We actually did remarkably well

While government reaction to the Covid-19 crisis was a little slow, people reacted impressively quickly.

Welcome to Plugging the Gap (my email newsletter about Covid-19 and its economics). In case you don’t know me, I’m an economist and professor at the University of Toronto. I have written lots of books including, most recently, on Covid-19. You can follow me on twitter (@joshgans) or subscribe to this email newsletter here.


This week I have focussed on our decision-making processes during the Covid-19 crisis. On Monday, I looked at how individuals have been engaging in many behaviours that have largely kept the virus in check. On Wednesday, I looked at how governments had information about the looming crisis and could have acted earlier to restrict people’s behaviour. Today, as it is Friday, I want to actually focus on something that went surprisingly well: when people knew it was a crisis, for the most part, they acted quickly and sensibly. Moreover, this was worldwide. In the scheme of things, that was quite impressive.

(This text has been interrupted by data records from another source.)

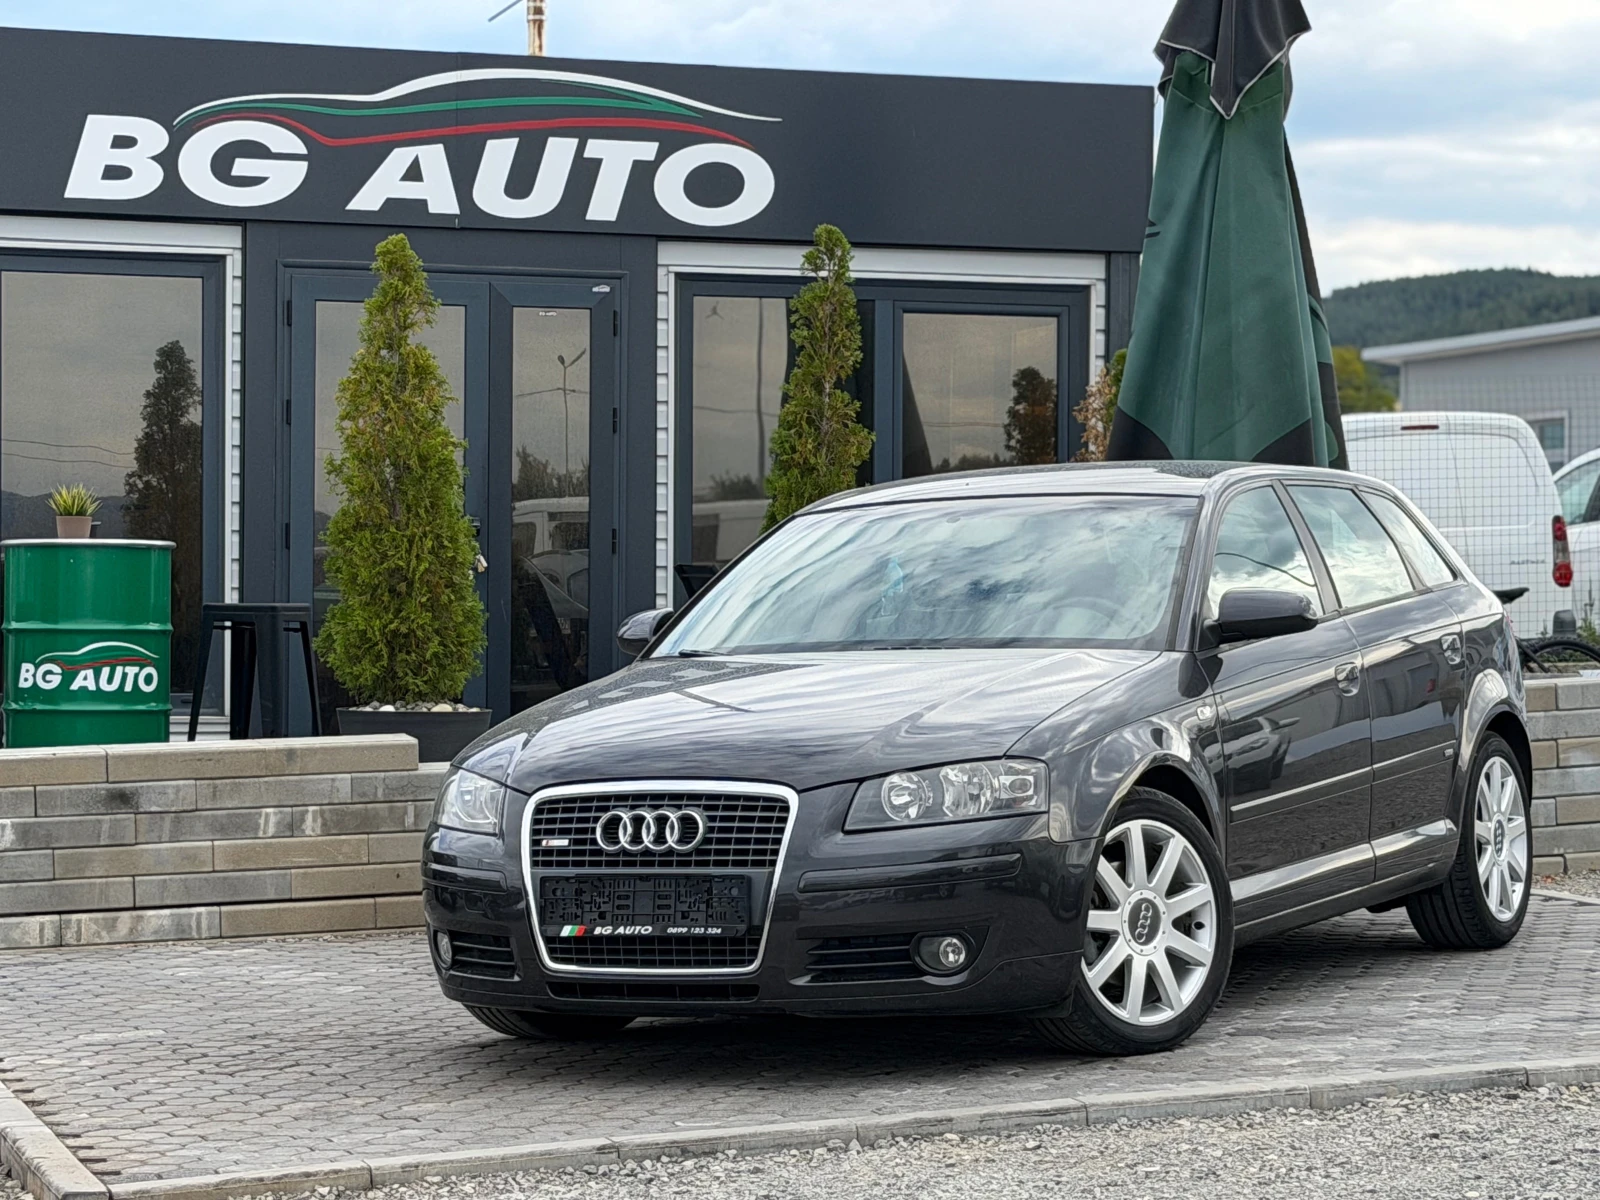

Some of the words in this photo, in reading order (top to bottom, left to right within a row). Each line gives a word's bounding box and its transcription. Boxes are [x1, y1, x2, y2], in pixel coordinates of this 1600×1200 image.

[64, 114, 308, 207] BG
[345, 137, 775, 226] AUTO
[18, 662, 62, 690] BG
[69, 666, 158, 693] AUTO
[593, 926, 613, 935] BG
[614, 925, 652, 935] AUTO
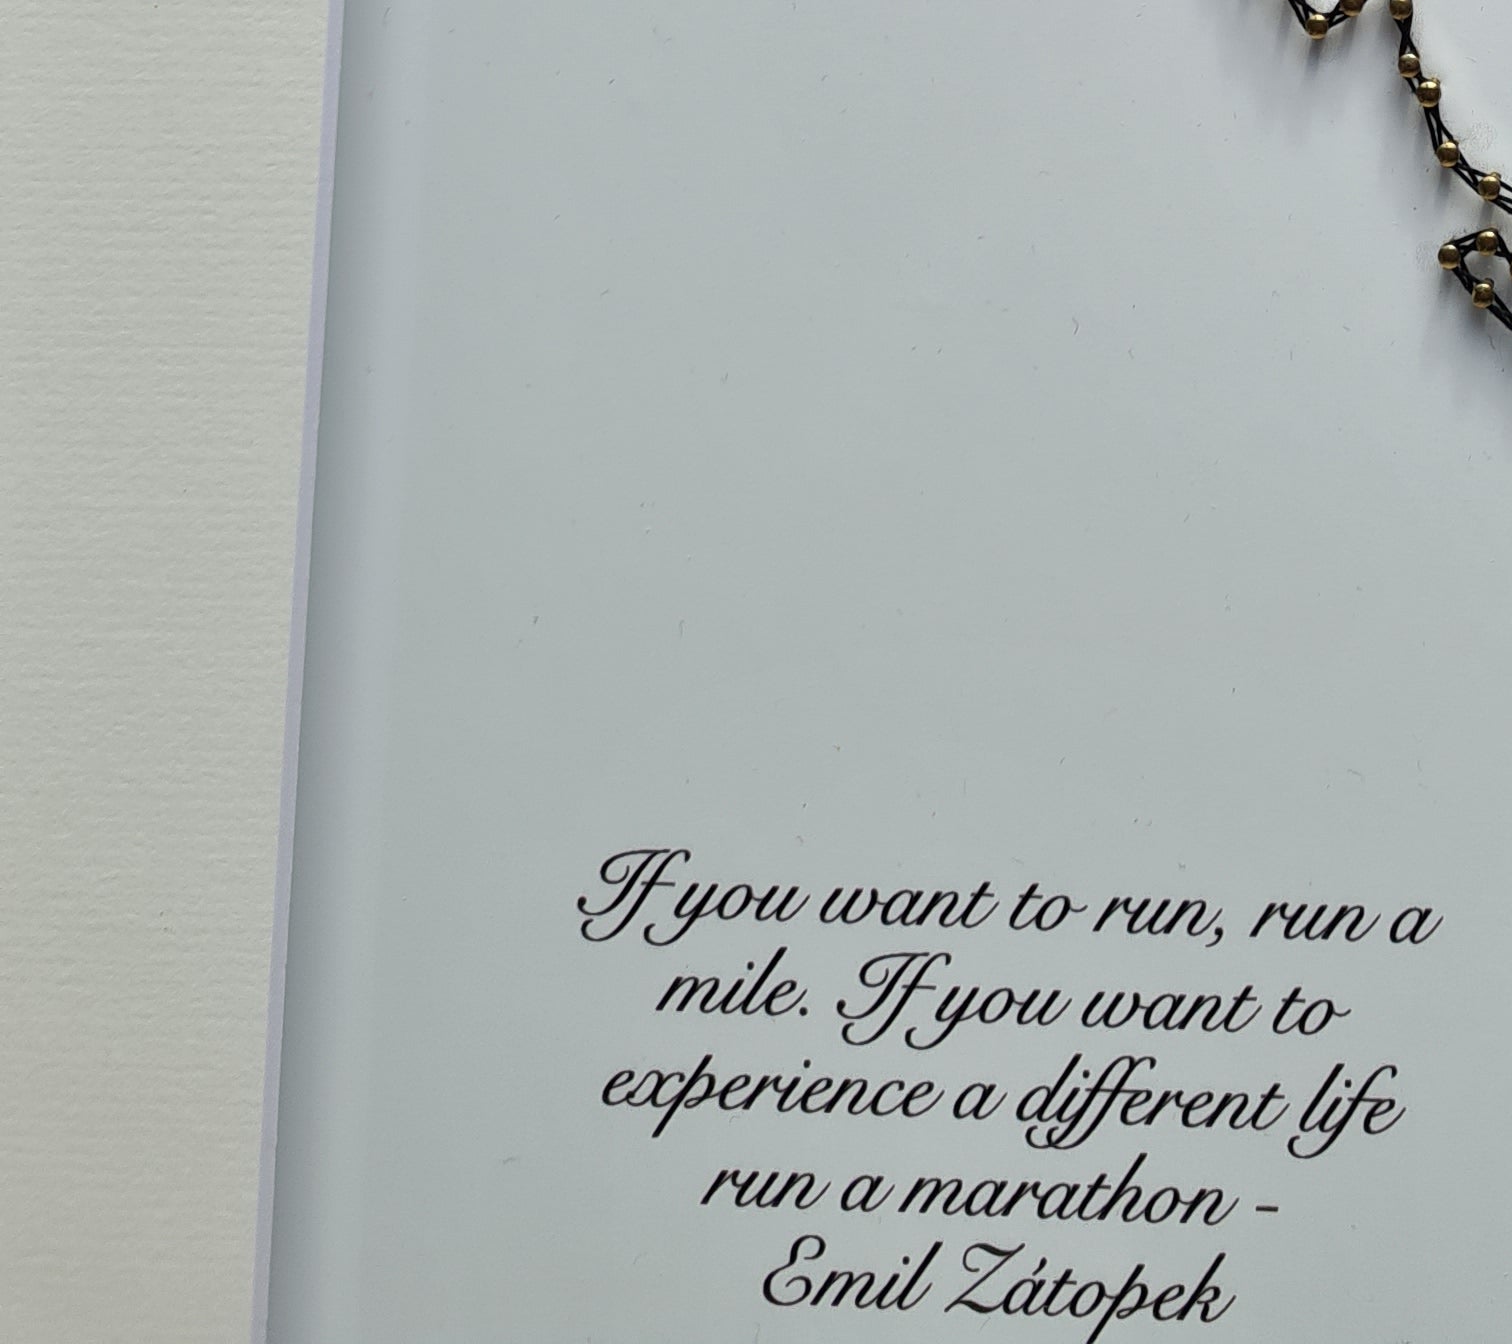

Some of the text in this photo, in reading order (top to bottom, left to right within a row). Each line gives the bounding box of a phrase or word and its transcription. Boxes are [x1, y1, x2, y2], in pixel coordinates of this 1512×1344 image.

[577, 849, 1444, 948] If you want to run, run a
[655, 946, 1352, 1051] mile. If you want to
[601, 1054, 1406, 1160] experience a different life
[700, 1169, 831, 1210] run
[840, 1174, 895, 1213] a
[898, 1152, 1240, 1226] marathon
[762, 1234, 1237, 1344] Emil Zátopek

In many respects, I think the job title of “public health official” is to spend much time lamenting the fact that people do not act in the interests of their own health. That is perhaps why so many of them presume that we cannot rely on people to take care of themselves and act sensibly on the basis of information. That thinking led them to become overly prescriptive in what they want — for instance, shifting from don’t wear masks to always wear masks — when a more nuanced approach might be better. I have no real evidence for this, I’m just giving you my impression that public health officials tend not to trust people with nuanced information and so filter for simplicity.

Let’s go back to when people started to become aware of this. The following data is only daily new cases from January 11 to April 10. Note that China (mostly in Wuhan) had a significant outbreak before there was knowledge being disseminated about the virus. With a lockdown imposed in late January, it took almost 2 months for it to be brought under control. That is what happens when you don’t have people acting to get ahead of this thing.

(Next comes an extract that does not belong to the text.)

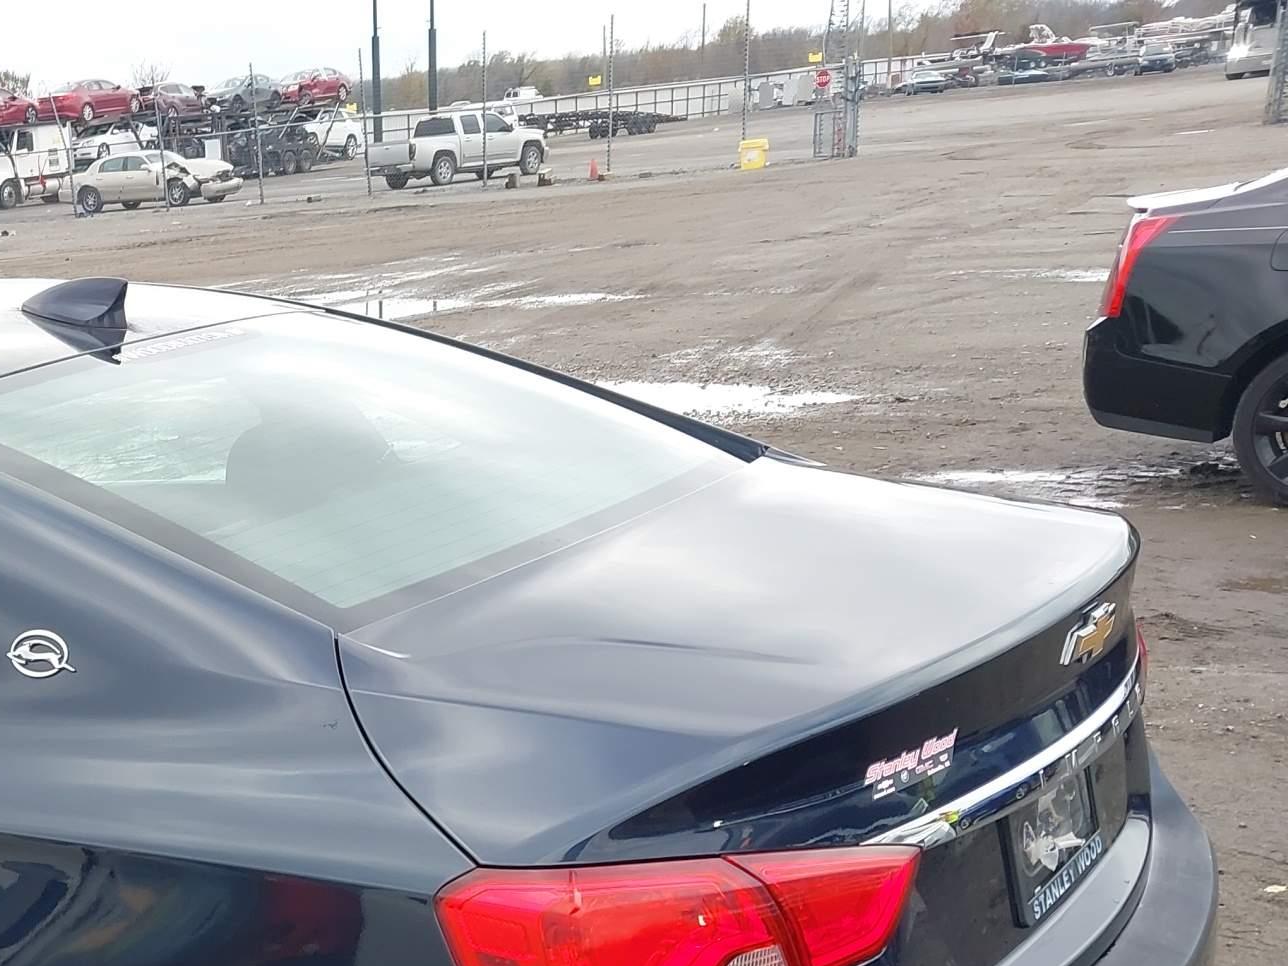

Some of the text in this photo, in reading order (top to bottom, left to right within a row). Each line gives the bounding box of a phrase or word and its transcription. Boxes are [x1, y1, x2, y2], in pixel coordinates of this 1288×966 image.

[863, 747, 921, 785] Stanley
[920, 727, 958, 760] Wood
[1033, 836, 1103, 920] STANLEY WOOD

Now let’s look at other countries. In Europe and Iran, the pandemic was in full flight mid-February but notice that only a few weeks later, by mid-late March, the new case rate had started to fall fairly consistently across many countries with a peak about March 23. This was despite some very different mitigation policies being introduced. In Canada, the pandemic was about three weeks behind Europe as was its peak. In Australia, New Zealand, South Korea, Taiwan and the rest of China, the pandemic remained mild but again very different policies were being pursued for a similar outcome.

In the United States, the pandemic was growing at about a week behind Europe but it had yet to peak by mid-April. There was a peak at the end of April and in early May but not a dramatic decline as infection rates hovered quite steadily until the so-called second wave began in June. But delve deeper and there was a similar pattern of reaction in states where there were significant outbreaks early on. Thus, it seems that local experience with the virus matters to trigger a human reaction.

How did this happen? Think about it. Very few people knew people with the virus. Only in significant outbreak centres where hospitals were overrun (Wuhan, Northern Italy, Iran and New York) was there first-hand information that could spread. For the rest of the world, that saw similar moves to avoid public places and work from home, did we see changes in the rate of infection that suggest that people were mitigating of their own accord. This is despite caseloads being quite low. From a public health standpoint, the willingness of people to act suggests that they got the message from non-first-hand sources. The fact that it appeared to work is remarkable.

I point all this out to suggest that there are some bright things we can learn from this crisis. People are more aware than I think we give them credit for. The vast majority actually act in ways that suggest a concern for health and well-being. Yes, there are many stories of people doing that but don’t let that mask the aggregate effect.

My hypothesis, yet to be proven but that I hope someone will study, is that one factor that significantly assisted in the management of the pandemic was the Internet and smartphones. So many today lament the flow of information that comes from communication technology. However, I suspect that the Pandemic of 2020 will go down as a hallmark in the annals of the Internet’s triumphs.